- _Information shown_

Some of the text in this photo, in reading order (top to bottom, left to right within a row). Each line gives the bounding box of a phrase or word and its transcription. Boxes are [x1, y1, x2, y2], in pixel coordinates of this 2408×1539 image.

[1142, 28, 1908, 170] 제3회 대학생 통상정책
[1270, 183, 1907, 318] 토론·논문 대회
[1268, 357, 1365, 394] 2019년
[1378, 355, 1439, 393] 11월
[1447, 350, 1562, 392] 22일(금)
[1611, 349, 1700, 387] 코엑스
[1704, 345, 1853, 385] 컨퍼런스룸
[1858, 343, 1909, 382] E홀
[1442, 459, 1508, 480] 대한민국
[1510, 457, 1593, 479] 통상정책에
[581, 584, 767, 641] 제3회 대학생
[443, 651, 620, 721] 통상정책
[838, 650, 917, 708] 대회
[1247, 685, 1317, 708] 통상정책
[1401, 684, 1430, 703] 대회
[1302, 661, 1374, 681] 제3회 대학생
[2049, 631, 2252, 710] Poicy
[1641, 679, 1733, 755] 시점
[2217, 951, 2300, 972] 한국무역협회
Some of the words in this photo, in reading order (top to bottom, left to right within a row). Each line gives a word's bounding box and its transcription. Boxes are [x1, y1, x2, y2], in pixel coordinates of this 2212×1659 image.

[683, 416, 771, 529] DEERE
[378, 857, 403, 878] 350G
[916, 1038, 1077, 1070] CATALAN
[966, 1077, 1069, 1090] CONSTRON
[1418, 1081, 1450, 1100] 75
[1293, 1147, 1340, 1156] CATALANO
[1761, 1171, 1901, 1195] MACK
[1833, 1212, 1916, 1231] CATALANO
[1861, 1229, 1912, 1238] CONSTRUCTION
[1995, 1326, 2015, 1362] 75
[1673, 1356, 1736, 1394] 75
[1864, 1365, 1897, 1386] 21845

- _Try it_
For the lines from the one containing "Some of the words" through the end of the listing above, output each exactly and leave out the rest.

- _Response for this exercise_
Some of the words in this photo, in reading order (top to bottom, left to right within a row). Each line gives a word's bounding box and its transcription. Boxes are [x1, y1, x2, y2], in pixel coordinates of this 2212×1659 image.

[683, 416, 771, 529] DEERE
[378, 857, 403, 878] 350G
[916, 1038, 1077, 1070] CATALAN
[966, 1077, 1069, 1090] CONSTRON
[1418, 1081, 1450, 1100] 75
[1293, 1147, 1340, 1156] CATALANO
[1761, 1171, 1901, 1195] MACK
[1833, 1212, 1916, 1231] CATALANO
[1861, 1229, 1912, 1238] CONSTRUCTION
[1995, 1326, 2015, 1362] 75
[1673, 1356, 1736, 1394] 75
[1864, 1365, 1897, 1386] 21845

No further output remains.